Calcium functionally uncouples the heads of myosin VI.

This study examines the steady state activity and in vitro motility of single-headed (S1) and double-headed (HMM) myosin VI constructs within the context of two putative modes of regulation. Phosphorylation of threonine 406 does not alter either the rate of actin filament sliding or the maximal actin-activated ATPase rate of S1 or HMM constructs. Thus, we do not observe any regulation of myosin VI by phosphorylation within the motor domain.

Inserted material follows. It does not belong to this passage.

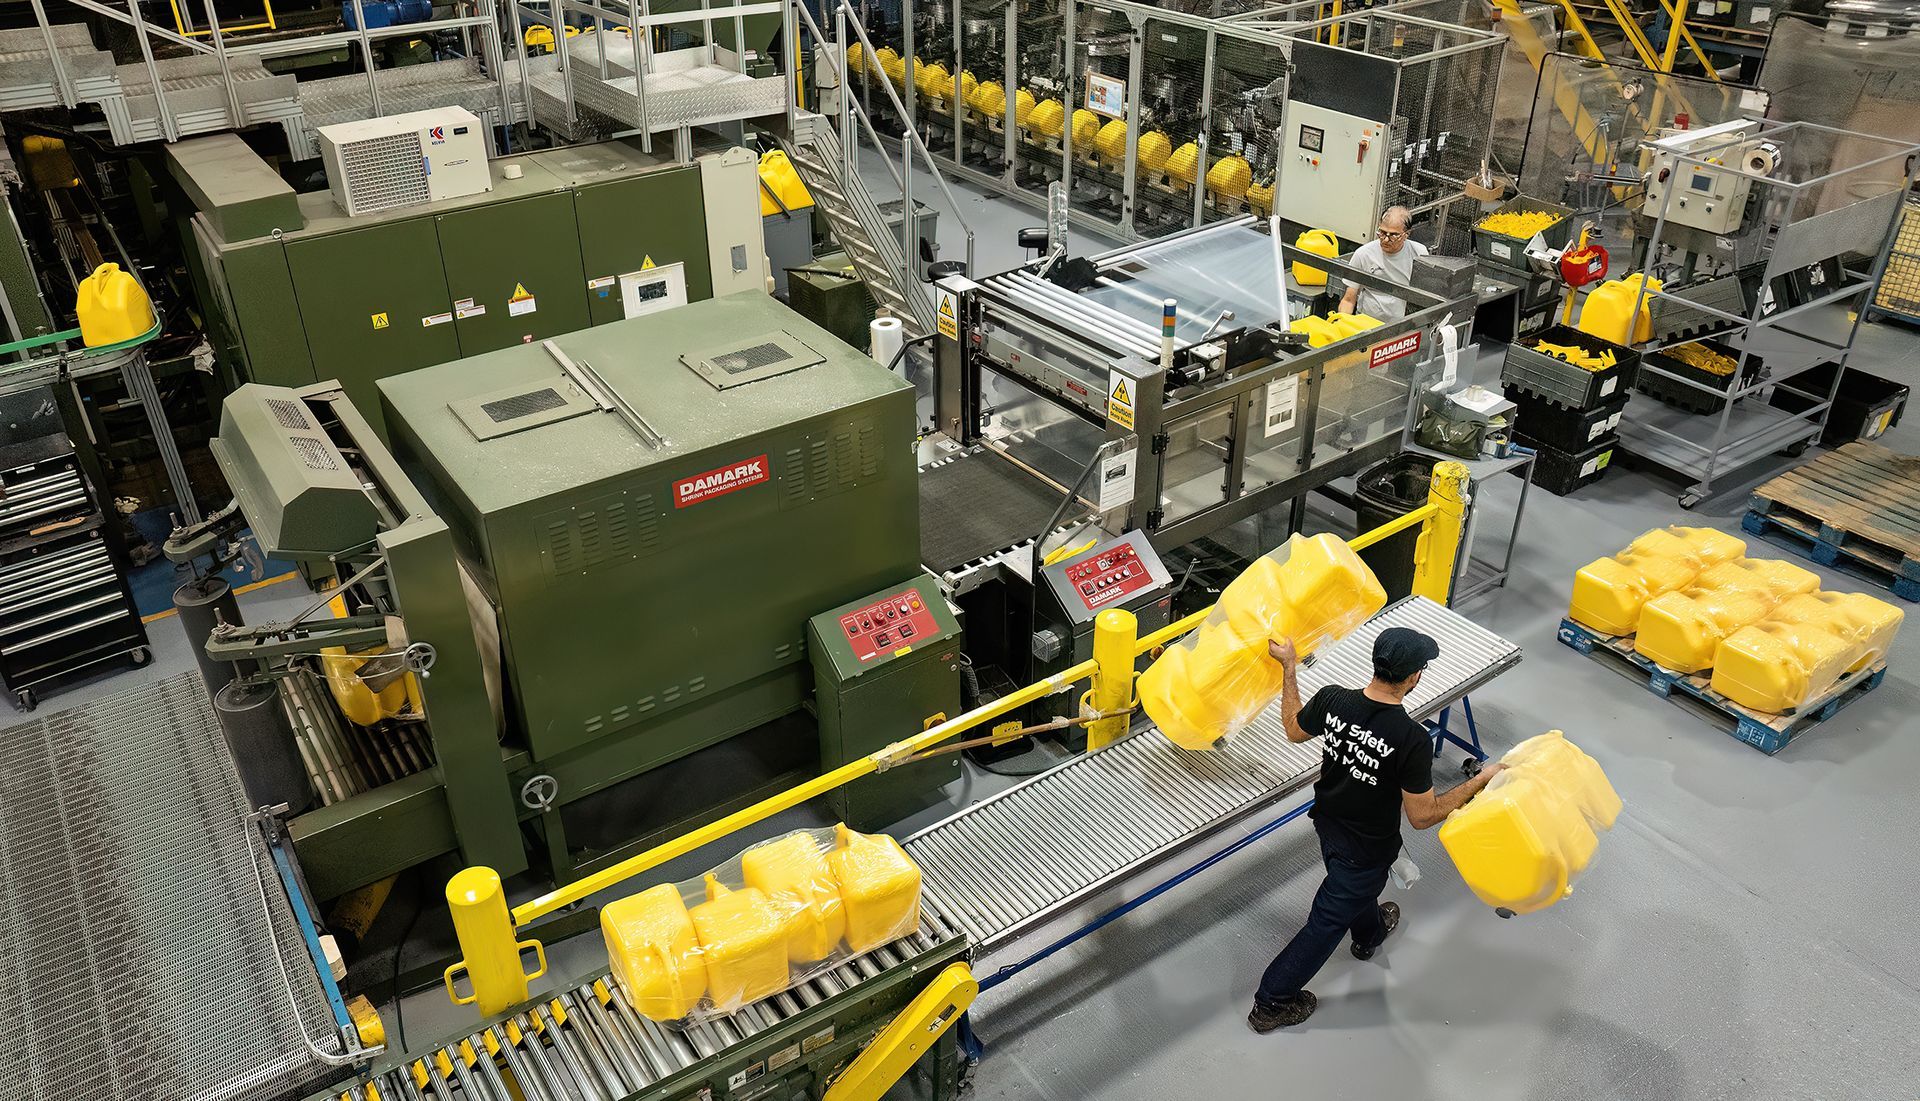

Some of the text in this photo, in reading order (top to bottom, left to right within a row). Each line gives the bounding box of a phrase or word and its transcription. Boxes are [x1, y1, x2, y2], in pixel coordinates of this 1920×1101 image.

Interestingly, in the absence of calcium, the myosin VI HMM construct moves in an in vitro motility assay at a velocity that is twice that of S1 constructs, which may be indicative of movement that is not based on a "lever arm" mechanism. Increasing calcium above 10 microm slows both the rate of ADP release from S1 and HMM actomyosin VI and the rates of in vitro motility. Furthermore, high calcium concentrations appear to uncouple the two heads of myosin VI. Thus, phosphorylation and calcium are not on/off switches for myosin VI enzymatic activity, although calcium may alter the degree of processive movement for myosin VI-mediated cargo transport. Lastly, calmodulin mutants reveal that the calcium effect is dependent on calcium binding to the N-terminal lobe of calmodulin.